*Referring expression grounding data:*
========================================
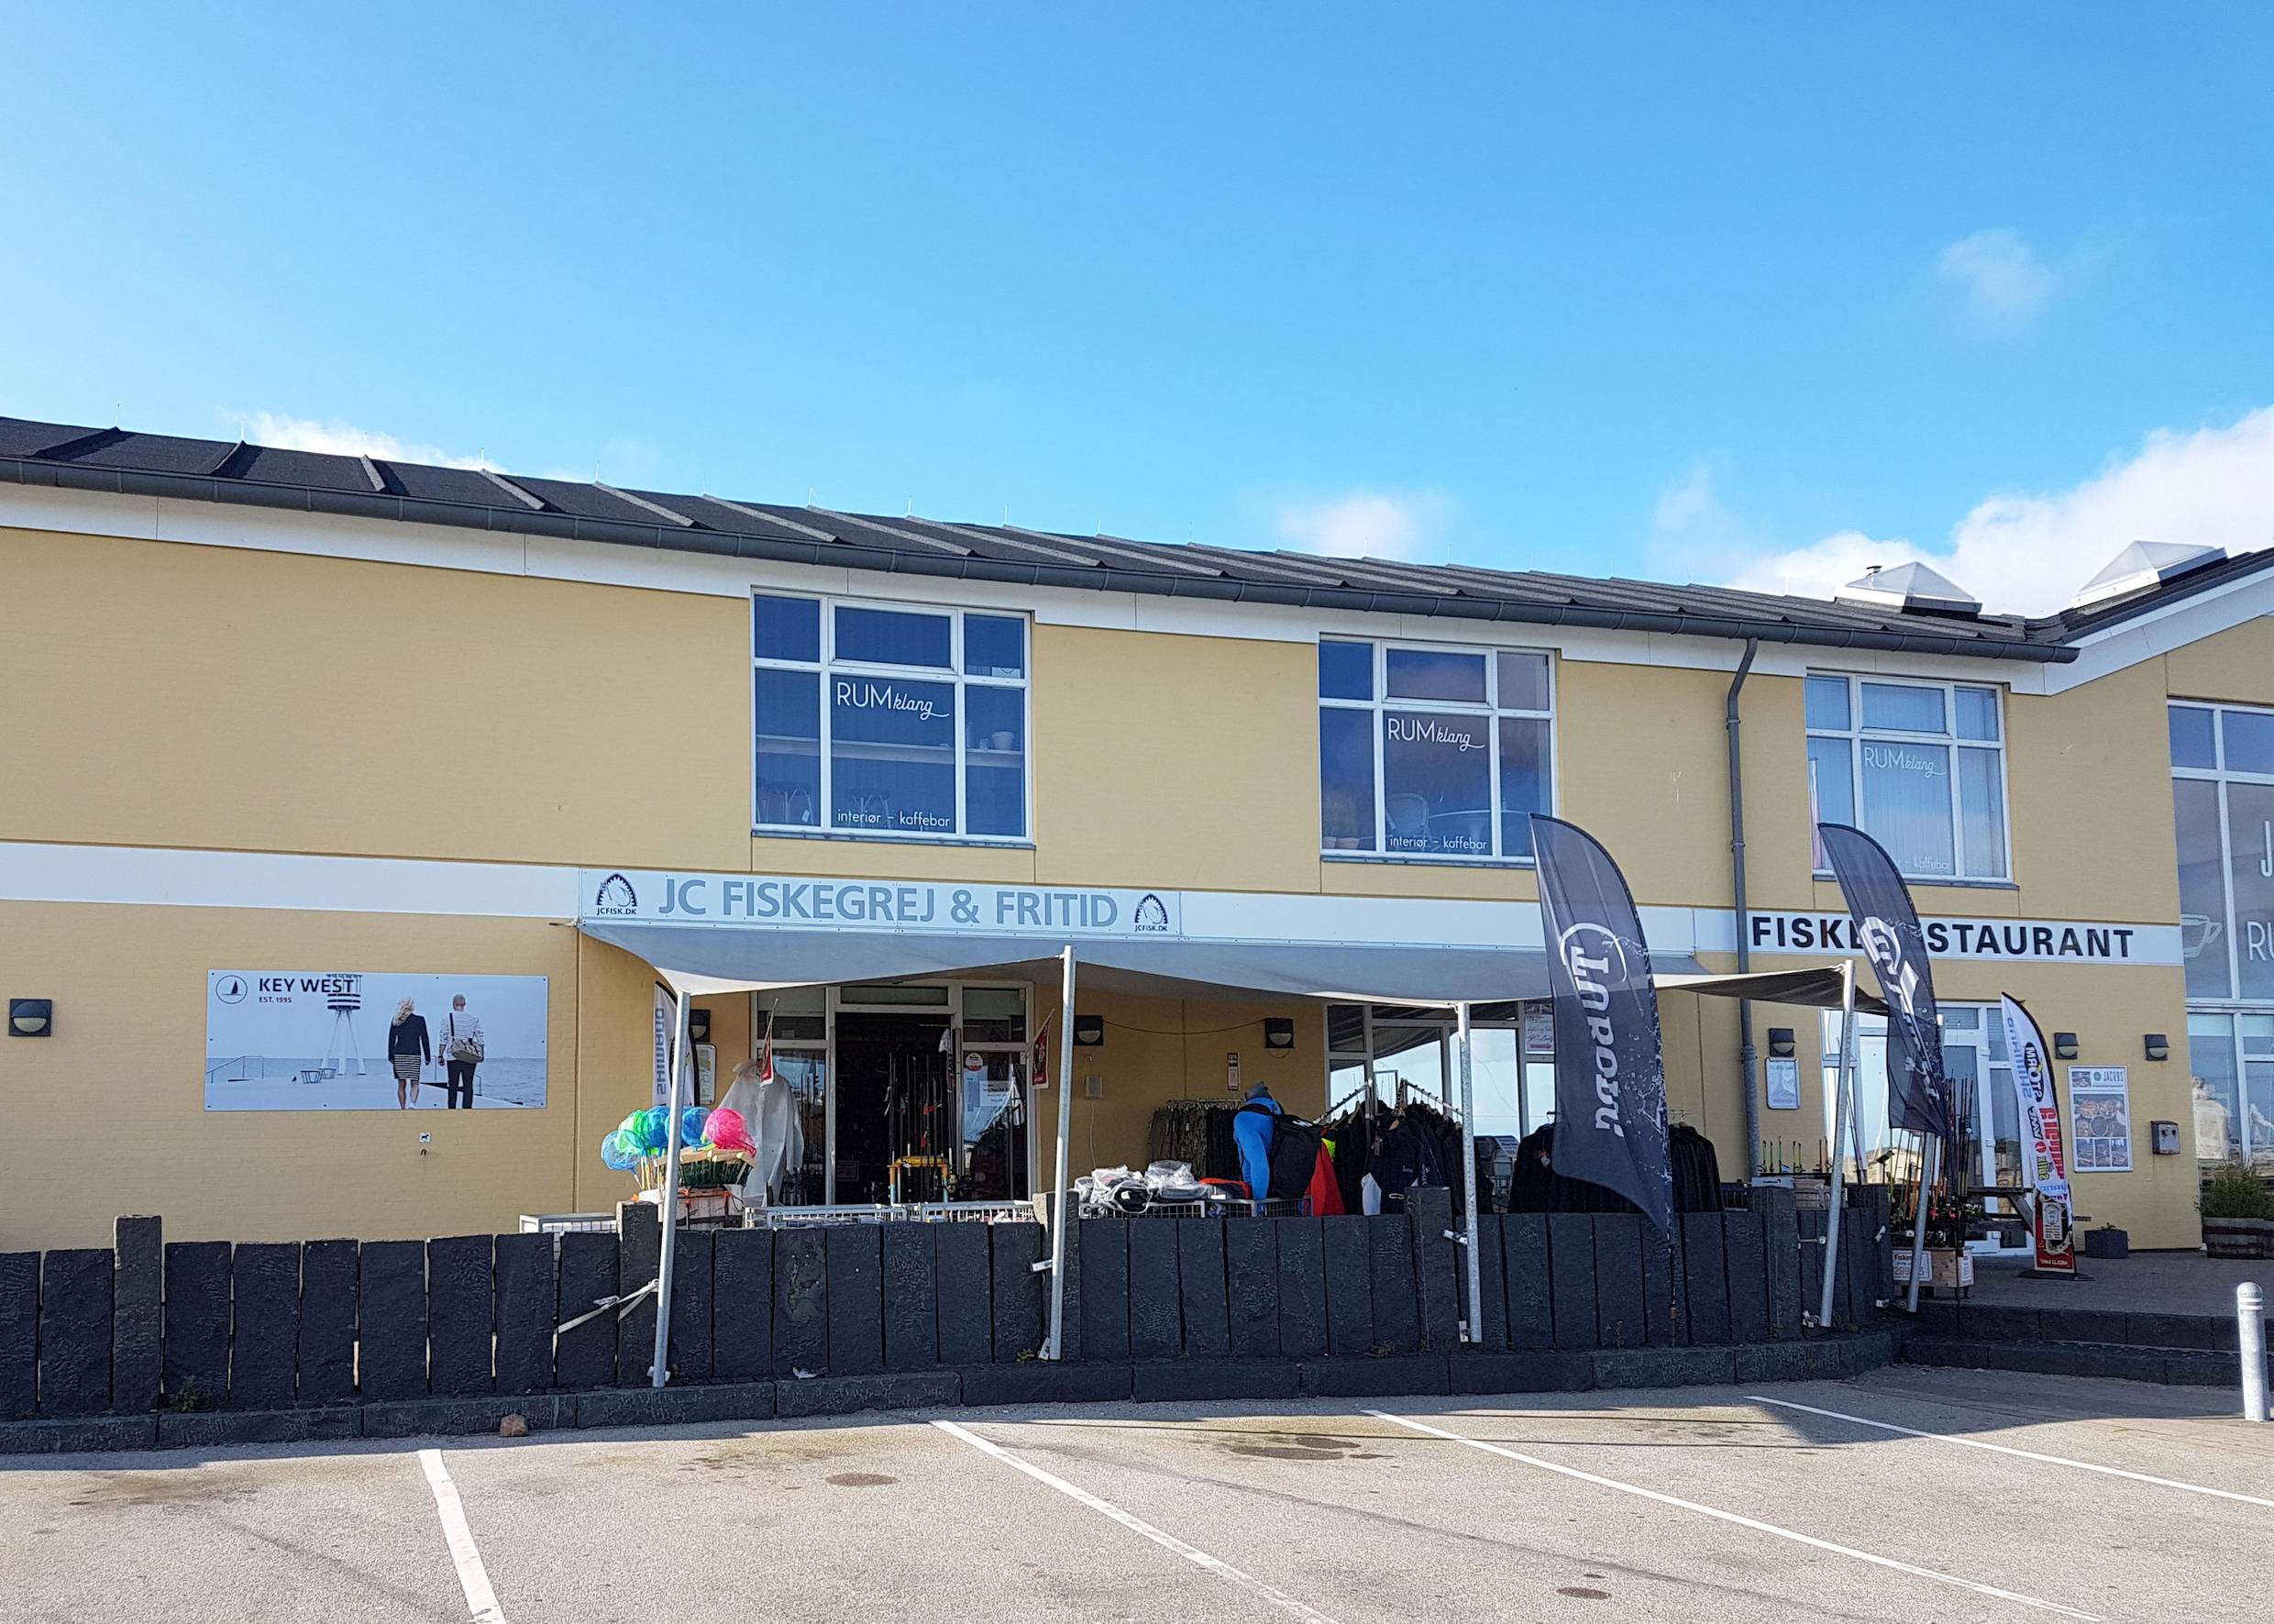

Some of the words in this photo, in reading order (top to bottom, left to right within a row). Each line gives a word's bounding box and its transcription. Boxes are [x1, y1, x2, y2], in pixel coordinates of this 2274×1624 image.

[837, 809, 881, 823] interiør
[900, 811, 951, 827] kaffebar
[1390, 836, 1428, 847] interiør
[1443, 835, 1487, 849] kaffebar
[1914, 856, 1951, 870] kaffebar
[658, 878, 706, 914] JC
[723, 880, 934, 922] FISKEGREJ
[950, 889, 981, 924] &
[996, 890, 1118, 927] FRITID
[596, 907, 637, 916] JCFISK.DK
[259, 978, 295, 992] KEY
[300, 978, 354, 993] WEST
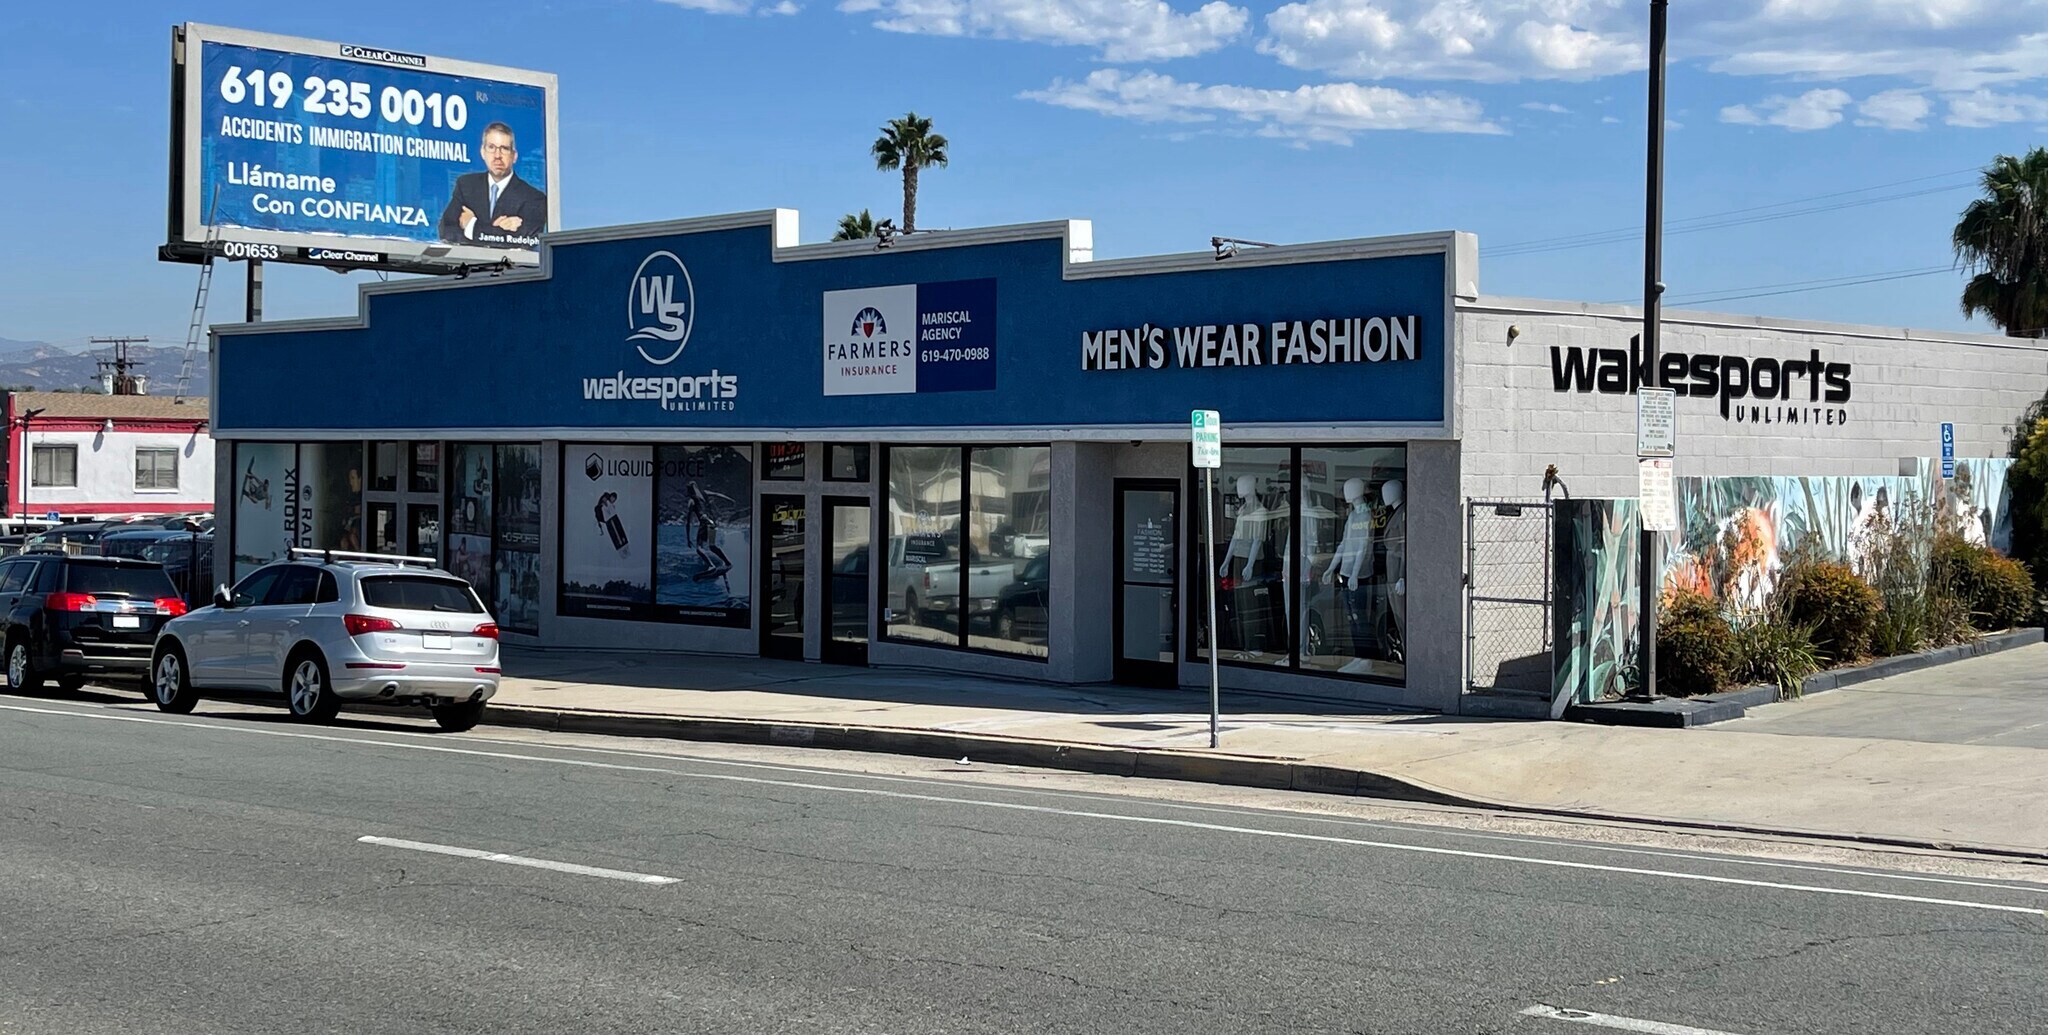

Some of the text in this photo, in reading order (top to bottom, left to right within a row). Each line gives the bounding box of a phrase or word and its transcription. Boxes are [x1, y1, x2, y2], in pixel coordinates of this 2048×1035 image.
========================================
*TASK TO CARRY OUT:*
Your answer must be an exact reproduction of all entries, containing no pictures.

*RESPONSE BELOW:*
Some of the words in this photo, in reading order (top to bottom, left to right within a row). Each line gives a word's bounding box and its transcription. Boxes are [x1, y1, x2, y2], in pixel coordinates of this 2274×1624 image.

[837, 809, 881, 823] interiør
[900, 811, 951, 827] kaffebar
[1390, 836, 1428, 847] interiør
[1443, 835, 1487, 849] kaffebar
[1914, 856, 1951, 870] kaffebar
[658, 878, 706, 914] JC
[723, 880, 934, 922] FISKEGREJ
[950, 889, 981, 924] &
[996, 890, 1118, 927] FRITID
[596, 907, 637, 916] JCFISK.DK
[259, 978, 295, 992] KEY
[300, 978, 354, 993] WEST

Some of the text in this photo, in reading order (top to bottom, left to right within a row). Each line gives the bounding box of a phrase or word and its transcription. Boxes are [x1, y1, x2, y2], in pixel coordinates of this 2048×1035 image.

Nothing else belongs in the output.